(Saved entries)
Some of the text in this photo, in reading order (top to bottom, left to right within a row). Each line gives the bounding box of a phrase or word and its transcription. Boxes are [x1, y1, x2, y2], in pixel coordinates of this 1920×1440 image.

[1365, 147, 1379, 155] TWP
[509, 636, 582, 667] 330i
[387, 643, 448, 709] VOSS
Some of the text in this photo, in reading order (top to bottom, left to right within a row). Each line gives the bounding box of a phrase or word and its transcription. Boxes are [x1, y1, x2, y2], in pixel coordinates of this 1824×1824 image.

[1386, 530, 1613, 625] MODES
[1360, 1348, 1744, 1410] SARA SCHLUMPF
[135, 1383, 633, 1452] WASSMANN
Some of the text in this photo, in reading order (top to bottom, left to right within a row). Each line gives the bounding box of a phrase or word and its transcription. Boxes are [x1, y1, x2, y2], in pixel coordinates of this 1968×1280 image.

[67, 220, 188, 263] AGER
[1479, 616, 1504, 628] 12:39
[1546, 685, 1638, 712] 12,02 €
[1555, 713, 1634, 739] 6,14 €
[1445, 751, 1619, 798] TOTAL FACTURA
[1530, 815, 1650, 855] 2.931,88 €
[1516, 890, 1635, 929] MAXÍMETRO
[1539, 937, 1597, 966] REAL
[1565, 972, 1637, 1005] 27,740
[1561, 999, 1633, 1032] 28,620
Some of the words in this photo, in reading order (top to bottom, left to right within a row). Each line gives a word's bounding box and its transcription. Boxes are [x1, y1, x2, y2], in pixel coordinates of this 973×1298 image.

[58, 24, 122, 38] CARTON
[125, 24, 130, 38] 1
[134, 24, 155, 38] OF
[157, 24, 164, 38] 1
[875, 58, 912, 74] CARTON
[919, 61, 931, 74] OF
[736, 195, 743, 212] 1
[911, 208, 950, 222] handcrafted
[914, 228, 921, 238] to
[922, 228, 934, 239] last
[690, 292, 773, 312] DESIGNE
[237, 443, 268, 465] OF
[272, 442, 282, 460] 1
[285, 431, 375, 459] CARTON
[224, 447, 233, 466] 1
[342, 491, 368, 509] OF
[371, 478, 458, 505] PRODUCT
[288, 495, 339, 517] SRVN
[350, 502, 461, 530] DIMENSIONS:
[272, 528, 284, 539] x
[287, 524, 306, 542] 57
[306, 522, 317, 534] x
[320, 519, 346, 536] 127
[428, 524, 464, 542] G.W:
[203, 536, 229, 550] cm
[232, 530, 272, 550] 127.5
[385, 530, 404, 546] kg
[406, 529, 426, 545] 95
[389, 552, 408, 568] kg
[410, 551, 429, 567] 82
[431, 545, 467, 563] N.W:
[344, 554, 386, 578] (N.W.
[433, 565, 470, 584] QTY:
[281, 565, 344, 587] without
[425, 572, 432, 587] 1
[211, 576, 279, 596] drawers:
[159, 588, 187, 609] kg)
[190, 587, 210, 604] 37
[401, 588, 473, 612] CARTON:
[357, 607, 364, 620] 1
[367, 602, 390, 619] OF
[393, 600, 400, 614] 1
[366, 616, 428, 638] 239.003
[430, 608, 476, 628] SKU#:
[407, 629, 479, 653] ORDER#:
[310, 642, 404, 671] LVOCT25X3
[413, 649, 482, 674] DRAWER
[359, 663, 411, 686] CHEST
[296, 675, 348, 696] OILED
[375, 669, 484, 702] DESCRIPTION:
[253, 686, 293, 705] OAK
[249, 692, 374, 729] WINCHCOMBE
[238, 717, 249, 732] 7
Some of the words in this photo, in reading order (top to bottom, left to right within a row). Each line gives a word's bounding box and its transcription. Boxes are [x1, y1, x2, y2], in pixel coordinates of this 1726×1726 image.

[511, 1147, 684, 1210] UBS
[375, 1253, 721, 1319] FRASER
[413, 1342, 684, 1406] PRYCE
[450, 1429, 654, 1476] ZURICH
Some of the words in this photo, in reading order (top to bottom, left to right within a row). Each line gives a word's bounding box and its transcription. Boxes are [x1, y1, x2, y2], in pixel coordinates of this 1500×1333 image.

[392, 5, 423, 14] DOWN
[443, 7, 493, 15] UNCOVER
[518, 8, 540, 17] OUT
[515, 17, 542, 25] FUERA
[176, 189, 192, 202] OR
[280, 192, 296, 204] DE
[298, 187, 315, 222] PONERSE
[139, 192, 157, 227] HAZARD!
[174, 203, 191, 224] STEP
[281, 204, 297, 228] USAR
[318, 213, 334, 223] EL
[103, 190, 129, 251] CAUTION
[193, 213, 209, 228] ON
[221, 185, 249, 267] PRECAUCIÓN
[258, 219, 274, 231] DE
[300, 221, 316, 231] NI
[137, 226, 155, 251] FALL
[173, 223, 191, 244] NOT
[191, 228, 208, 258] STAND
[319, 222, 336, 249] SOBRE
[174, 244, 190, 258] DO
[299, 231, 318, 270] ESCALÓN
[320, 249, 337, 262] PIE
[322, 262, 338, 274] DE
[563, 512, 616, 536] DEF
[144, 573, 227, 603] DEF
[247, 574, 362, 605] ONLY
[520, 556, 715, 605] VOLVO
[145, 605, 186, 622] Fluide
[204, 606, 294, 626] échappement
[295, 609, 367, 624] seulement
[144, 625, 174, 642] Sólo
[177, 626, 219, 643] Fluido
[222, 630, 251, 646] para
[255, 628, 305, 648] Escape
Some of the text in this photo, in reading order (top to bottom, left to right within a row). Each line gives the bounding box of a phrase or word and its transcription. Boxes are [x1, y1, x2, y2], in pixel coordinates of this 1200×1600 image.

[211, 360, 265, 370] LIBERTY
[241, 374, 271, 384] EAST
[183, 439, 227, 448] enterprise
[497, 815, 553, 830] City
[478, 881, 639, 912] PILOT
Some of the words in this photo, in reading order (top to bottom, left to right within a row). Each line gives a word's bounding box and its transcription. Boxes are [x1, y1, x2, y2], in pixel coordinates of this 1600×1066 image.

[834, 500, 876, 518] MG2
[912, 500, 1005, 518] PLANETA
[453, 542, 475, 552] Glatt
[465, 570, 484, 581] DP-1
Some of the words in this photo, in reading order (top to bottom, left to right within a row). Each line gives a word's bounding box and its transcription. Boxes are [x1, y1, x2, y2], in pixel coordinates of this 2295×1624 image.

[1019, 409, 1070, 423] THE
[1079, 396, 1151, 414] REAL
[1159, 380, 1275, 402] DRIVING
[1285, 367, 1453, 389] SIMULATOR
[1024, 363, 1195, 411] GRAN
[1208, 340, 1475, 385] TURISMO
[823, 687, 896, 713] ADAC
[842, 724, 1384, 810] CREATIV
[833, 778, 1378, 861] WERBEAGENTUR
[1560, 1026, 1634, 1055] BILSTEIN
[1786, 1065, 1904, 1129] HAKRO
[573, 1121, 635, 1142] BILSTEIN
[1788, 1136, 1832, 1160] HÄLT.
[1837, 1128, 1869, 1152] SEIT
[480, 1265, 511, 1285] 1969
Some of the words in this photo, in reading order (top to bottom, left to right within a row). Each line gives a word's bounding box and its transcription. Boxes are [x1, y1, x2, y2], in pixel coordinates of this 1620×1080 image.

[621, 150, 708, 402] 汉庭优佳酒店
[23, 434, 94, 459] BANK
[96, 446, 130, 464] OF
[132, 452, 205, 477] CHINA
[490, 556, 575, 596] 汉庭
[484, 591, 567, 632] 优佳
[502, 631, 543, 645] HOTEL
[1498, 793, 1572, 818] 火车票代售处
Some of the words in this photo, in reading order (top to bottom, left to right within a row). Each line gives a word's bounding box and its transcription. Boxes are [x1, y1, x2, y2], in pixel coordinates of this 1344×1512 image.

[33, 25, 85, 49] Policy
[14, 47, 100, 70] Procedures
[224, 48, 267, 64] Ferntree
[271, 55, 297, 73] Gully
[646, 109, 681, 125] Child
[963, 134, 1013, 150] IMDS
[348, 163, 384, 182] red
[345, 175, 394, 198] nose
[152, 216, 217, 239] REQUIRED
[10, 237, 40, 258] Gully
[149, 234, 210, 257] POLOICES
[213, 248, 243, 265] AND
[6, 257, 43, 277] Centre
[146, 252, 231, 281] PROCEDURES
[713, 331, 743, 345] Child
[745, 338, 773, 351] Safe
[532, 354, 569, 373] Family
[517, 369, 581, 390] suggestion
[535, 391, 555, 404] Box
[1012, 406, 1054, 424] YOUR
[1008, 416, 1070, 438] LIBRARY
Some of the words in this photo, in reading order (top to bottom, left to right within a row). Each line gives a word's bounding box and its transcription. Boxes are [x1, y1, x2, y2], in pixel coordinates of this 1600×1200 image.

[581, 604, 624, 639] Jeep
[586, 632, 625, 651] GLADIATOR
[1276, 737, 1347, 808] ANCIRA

◆ Your assignment ◆
After locating the line that holds "this 1600×1200 image.", print it and each line after it through the end of the data, exactly as it stands.

◆ Exercise output ◆
Some of the words in this photo, in reading order (top to bottom, left to right within a row). Each line gives a word's bounding box and its transcription. Boxes are [x1, y1, x2, y2], in pixel coordinates of this 1600×1200 image.

[581, 604, 624, 639] Jeep
[586, 632, 625, 651] GLADIATOR
[1276, 737, 1347, 808] ANCIRA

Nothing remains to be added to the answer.